Write each line below back out exactly, omitting its pictures.

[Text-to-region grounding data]
━━━━
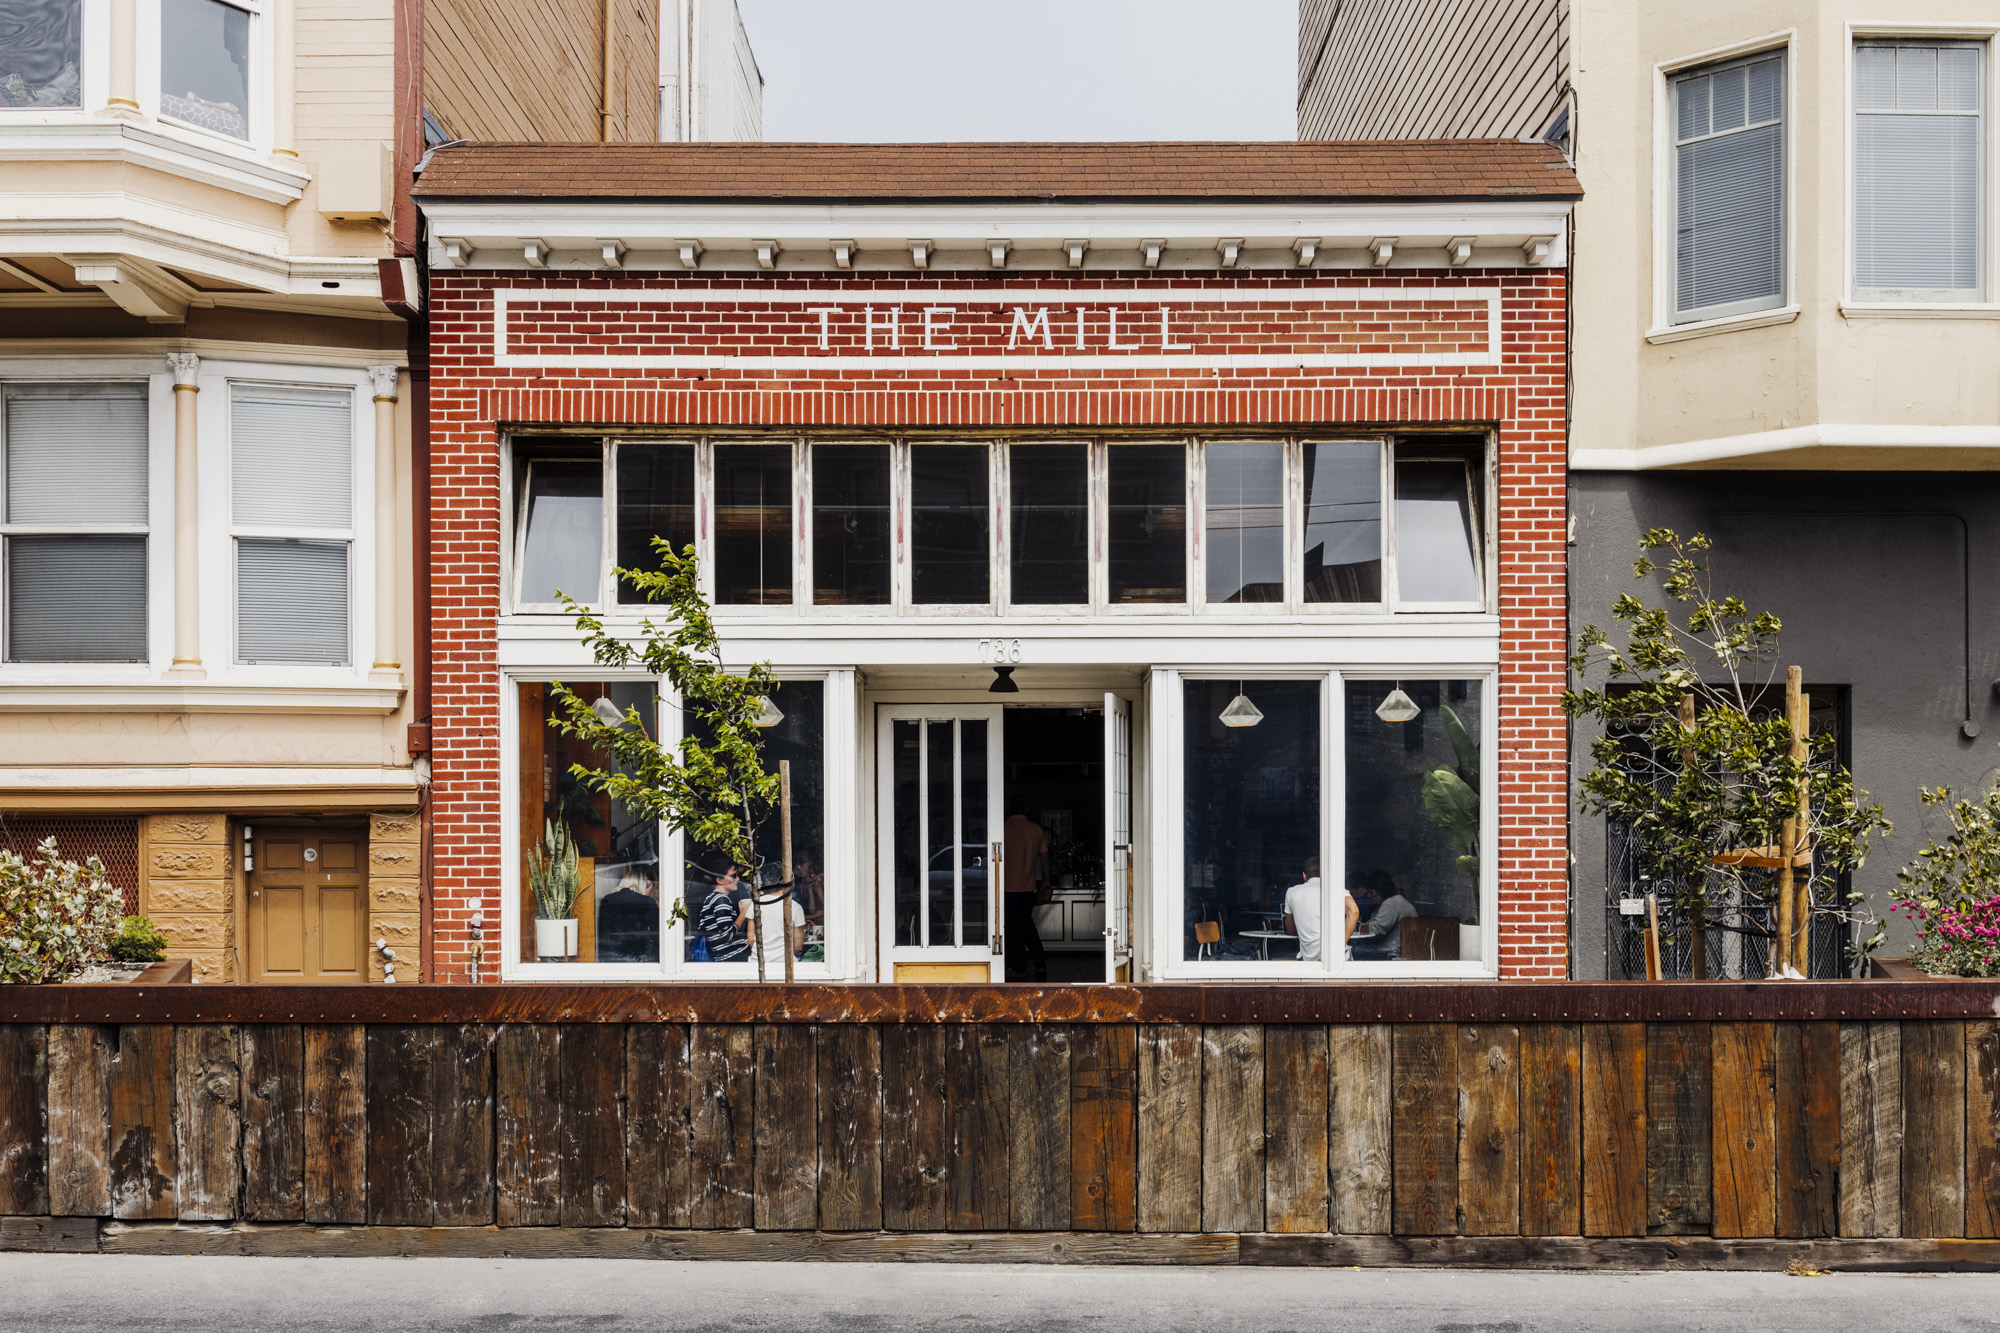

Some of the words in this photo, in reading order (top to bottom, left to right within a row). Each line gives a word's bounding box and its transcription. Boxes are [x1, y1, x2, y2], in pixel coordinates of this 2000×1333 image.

[807, 307, 958, 350] THE
[1007, 307, 1191, 350] MILL
[979, 639, 1021, 663] 736
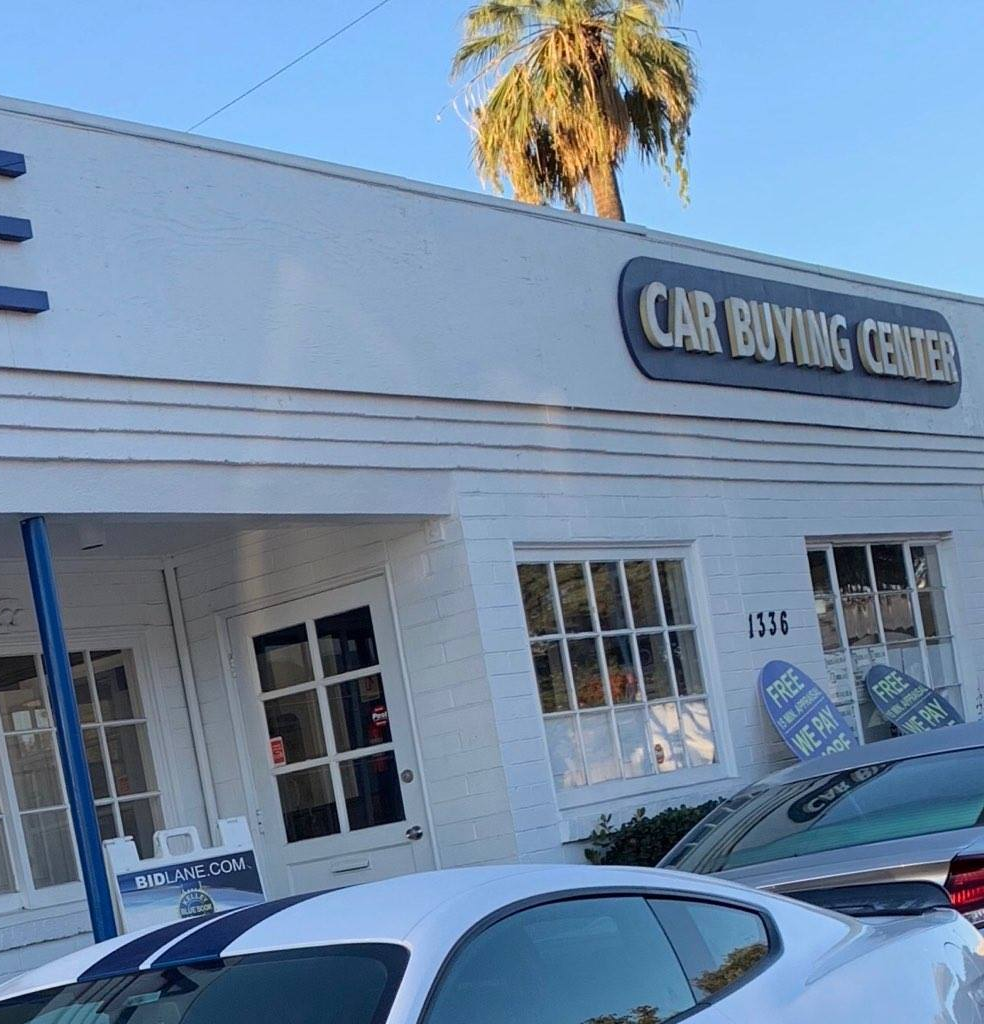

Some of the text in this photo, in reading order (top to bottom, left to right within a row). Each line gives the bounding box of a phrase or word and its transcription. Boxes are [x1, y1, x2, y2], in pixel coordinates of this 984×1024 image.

[639, 281, 959, 384] CAR BUYING CENTER
[748, 611, 789, 639] 1336
[766, 667, 805, 709] FREE
[871, 670, 910, 703] FREE
[918, 697, 948, 727] PAY
[791, 704, 839, 757] WE PAY
[135, 857, 246, 889] BIDLANE.COM
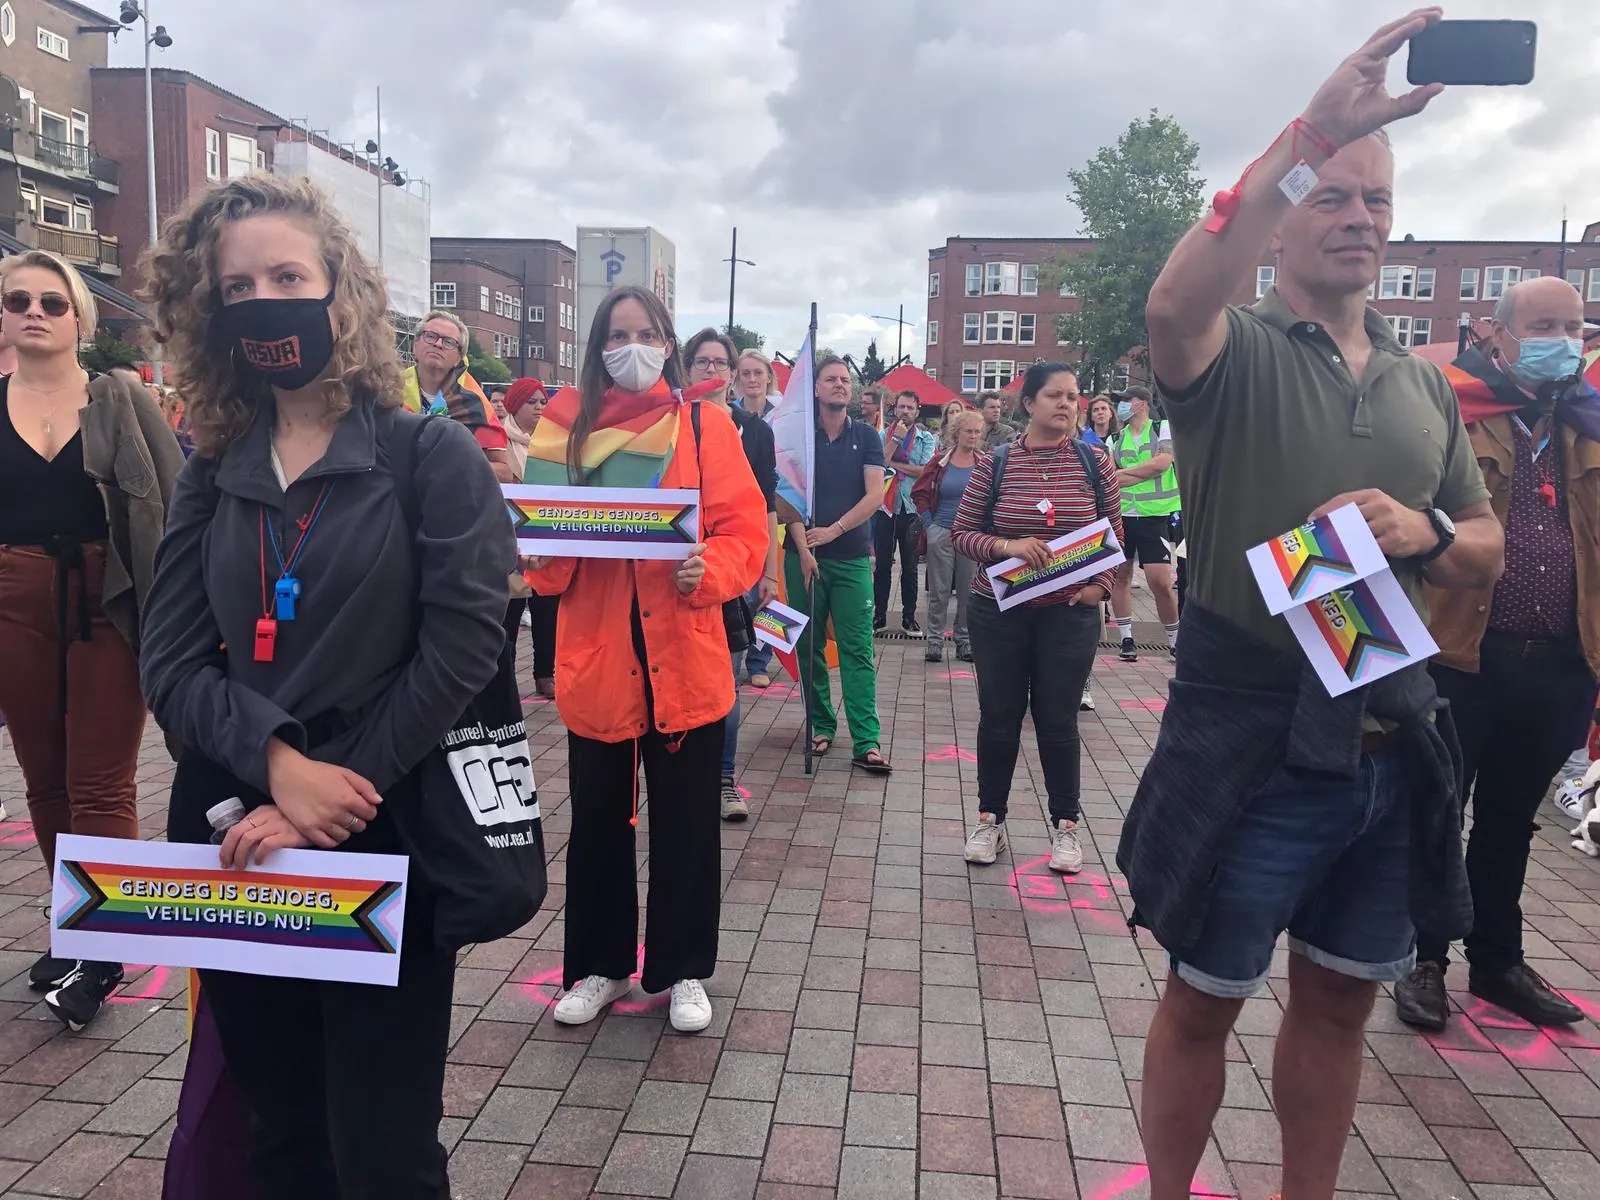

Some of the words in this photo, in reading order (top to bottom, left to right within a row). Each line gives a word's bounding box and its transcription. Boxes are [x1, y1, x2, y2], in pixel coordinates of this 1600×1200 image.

[537, 507, 589, 519] GENOEG
[593, 510, 605, 519] IS
[608, 510, 663, 522] GENOEG,
[552, 522, 621, 533] VEILIGHEID
[623, 525, 648, 533] NU!
[1028, 559, 1074, 582] VEILIGHEID
[1075, 554, 1090, 564] NU!
[119, 880, 211, 899] GENOEG
[218, 884, 238, 901] IS
[244, 886, 339, 911] GENOEG,
[145, 905, 268, 927] VEILIGHEID
[274, 913, 312, 931] NU!
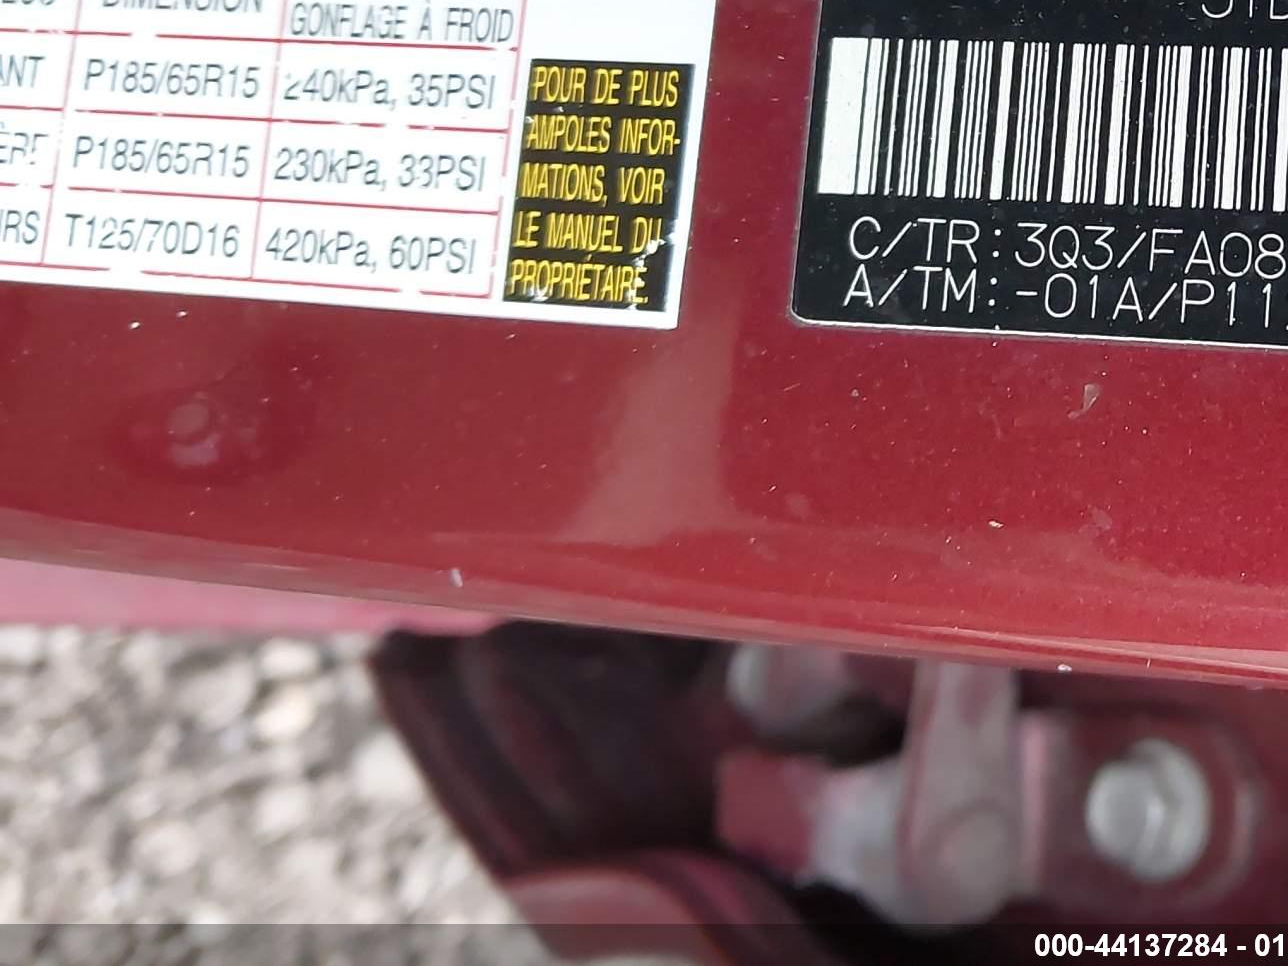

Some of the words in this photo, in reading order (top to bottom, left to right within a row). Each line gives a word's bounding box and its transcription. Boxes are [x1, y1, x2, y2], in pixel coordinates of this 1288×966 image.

[289, 2, 409, 39] GONFLAGE
[445, 7, 515, 43] FROID
[82, 57, 261, 100] P185/65R15
[408, 73, 496, 111] 35PSI
[533, 66, 587, 103] POUR
[592, 68, 623, 105] DE
[629, 69, 680, 107] PLUS
[72, 134, 251, 179] P185/65R15
[527, 114, 612, 153] AMPOLES
[619, 118, 682, 155] INFOR-
[273, 146, 387, 192] 230kPa,
[397, 154, 486, 193] 33PSI
[521, 162, 609, 207] MATIONS,
[617, 166, 666, 205] VOIR
[64, 213, 241, 259] T125/70D16
[264, 226, 377, 273] 420kPa,
[389, 235, 477, 275] 60PSI
[513, 210, 542, 248] LE
[547, 212, 624, 253] MANUEL
[630, 216, 663, 254] DU
[848, 216, 1003, 266] C/TR:
[1015, 221, 1288, 278] 3Q3/FA08
[841, 265, 1000, 315] A/TM:
━━━━
[Your response]:
Some of the words in this photo, in reading order (top to bottom, left to right within a row). Each line gives a word's bounding box and its transcription. Boxes are [x1, y1, x2, y2], in pixel coordinates of this 2000×1333 image.

[807, 307, 958, 350] THE
[1007, 307, 1191, 350] MILL
[979, 639, 1021, 663] 736

Some of the text in this photo, in reading order (top to bottom, left to right within a row). Each line gives the bounding box of a phrase or word and its transcription. Boxes are [x1, y1, x2, y2], in pixel coordinates of this 984×1024 image.

[639, 281, 959, 384] CAR BUYING CENTER
[748, 611, 789, 639] 1336
[766, 667, 805, 709] FREE
[871, 670, 910, 703] FREE
[918, 697, 948, 727] PAY
[791, 704, 839, 757] WE PAY
[135, 857, 246, 889] BIDLANE.COM

Some of the words in this photo, in reading order (top to bottom, left to right within a row). Each line gives a word's bounding box and its transcription. Boxes are [x1, y1, x2, y2], in pixel coordinates of this 1600×1200 image.

[537, 507, 589, 519] GENOEG
[593, 510, 605, 519] IS
[608, 510, 663, 522] GENOEG,
[552, 522, 621, 533] VEILIGHEID
[623, 525, 648, 533] NU!
[1028, 559, 1074, 582] VEILIGHEID
[1075, 554, 1090, 564] NU!
[119, 880, 211, 899] GENOEG
[218, 884, 238, 901] IS
[244, 886, 339, 911] GENOEG,
[145, 905, 268, 927] VEILIGHEID
[274, 913, 312, 931] NU!

Some of the words in this photo, in reading order (top to bottom, left to right within a row). Each line gives a word's bounding box and its transcription. Boxes are [x1, y1, x2, y2], in pixel coordinates of this 1288×966 image.

[289, 2, 409, 39] GONFLAGE
[445, 7, 515, 43] FROID
[82, 57, 261, 100] P185/65R15
[408, 73, 496, 111] 35PSI
[533, 66, 587, 103] POUR
[592, 68, 623, 105] DE
[629, 69, 680, 107] PLUS
[72, 134, 251, 179] P185/65R15
[527, 114, 612, 153] AMPOLES
[619, 118, 682, 155] INFOR-
[273, 146, 387, 192] 230kPa,
[397, 154, 486, 193] 33PSI
[521, 162, 609, 207] MATIONS,
[617, 166, 666, 205] VOIR
[64, 213, 241, 259] T125/70D16
[264, 226, 377, 273] 420kPa,
[389, 235, 477, 275] 60PSI
[513, 210, 542, 248] LE
[547, 212, 624, 253] MANUEL
[630, 216, 663, 254] DU
[848, 216, 1003, 266] C/TR:
[1015, 221, 1288, 278] 3Q3/FA08
[841, 265, 1000, 315] A/TM:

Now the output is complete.